The two columns of occurrence numbers in column A and C are almost the same and in fact they only differ by 3 values. To identify those three values we can use VLOOKUP to look up one set of occurrence numbers against the other and see what happens. The above screen shot shows the function in cell B5 to be =VLOOKUP(A5, $C2:$C$20, 1, FALSE). Just like before we are checking each value against a table of values but this time it just so happens that the lookup table only has one column (instead of the two above) and that’s why we have a “1” as the third input.
If you fill the function down the occurrence numbers get filled in and where VLOOKUP can’t find a match for the cell in column A in column C Excel outputs #N/A. That last sentence may seem overly precise but it is meant to illustrate an important point: the VLOOKUP detailed above is only checking the values in A against the look up table and therefore will only catch those values in A that aren’t in C. To get the full picture you also need to perform the reverse lookup, that is, catch the values that are in C but not in A. To do that you can put the following function call =VLOOKUP(C2, $A2:$A$20, 1, FALSE) in cell D2 and fill down. Now, just like before, we’ll see matching occurrence numbers if the values are in both columns and #N/As for those values that are in C but not in A. Taken together these two VLOOKUPs will help identify how the two lists differ.
Getting Even More Advanced
One more thing, I really don’t like Excel’s blaring #N/A error value. It’s ugly. Also, I don’t know about you, but I don’t really care about when the occurrence numbers match, I’m more interested when they don’t match and I’d prefer not to see anything for the positive matches.

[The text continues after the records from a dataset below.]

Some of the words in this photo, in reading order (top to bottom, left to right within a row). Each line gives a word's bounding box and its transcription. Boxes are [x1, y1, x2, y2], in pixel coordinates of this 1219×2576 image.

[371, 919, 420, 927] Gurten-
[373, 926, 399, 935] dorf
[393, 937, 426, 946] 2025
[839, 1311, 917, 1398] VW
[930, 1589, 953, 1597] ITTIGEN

Let’s see what we can do about fixing this up.
To accomplish this, we’ll need to use the VLOOKUP function in conjunction with another Excel function, ISERROR, that we haven’t talked about. I’m not going to pretend this isn’t getting complicated, because it is, but I’m doing it anyway. In cell B2 I replace the old VLOOKUP function call with this new one:
=IF(ISERROR(VLOOKUP(A2, $C$2:$C$20,1,FALSE)), “Diff”, “”)
I know that looks intimidating but let’s break it down. The part about VLOOKUP we already know, it’s the same as above, but what we’re doing now is feeding the output of VLOOKUP to the function ISERROR. ISERROR’s only purpose is to return a TRUE or FALSE based on whether an error occurs within the VLOOKUP and, as we know, 3 errors occur, one for the each of those #N/As. For each of those three #N/As the ISERROR function will return TRUE and for all the rest it will return FALSE. This behaviour is very handy because the IF function checks for TRUE or FALSE when trying to figure out what to do. In this case, if it gets a TRUE from ISERROR (that is, it’s true that there was an error) then it prints the word “DIFF” but if it gets a FALSE, it doesn’t print anything because there was no error.

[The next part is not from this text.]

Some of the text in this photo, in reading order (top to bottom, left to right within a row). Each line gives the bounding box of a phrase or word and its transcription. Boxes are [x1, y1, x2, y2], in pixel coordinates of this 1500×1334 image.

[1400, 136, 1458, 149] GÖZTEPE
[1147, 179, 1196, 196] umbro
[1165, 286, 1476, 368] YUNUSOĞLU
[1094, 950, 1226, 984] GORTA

I know that’s a brainful but have a look at the screen shot below and you can see that each of the cells that was previously an #N/A is now a “DIFF”, because those are the ones that caused a VLOOKUP error that in turn caused ISERROR to be TRUE which caused the IF function to print the value for TRUE. All the rest, the ones without VLOOKUP errors, display nothing, just as I wanted.
Phew, that’s a lot of Excel-fu for a post that started up just about VLOOKUP. I hope the post (or at least the first two parts) give you the confidence to use VLOOKUP more often in your daily work. And I hope that the third part, as intimidating as it looks (but it’s really not, just follow the logic of the TRUEs and FALSEs) will give you ideas about how you can use the function to accomplish more complex tasks. Good luck!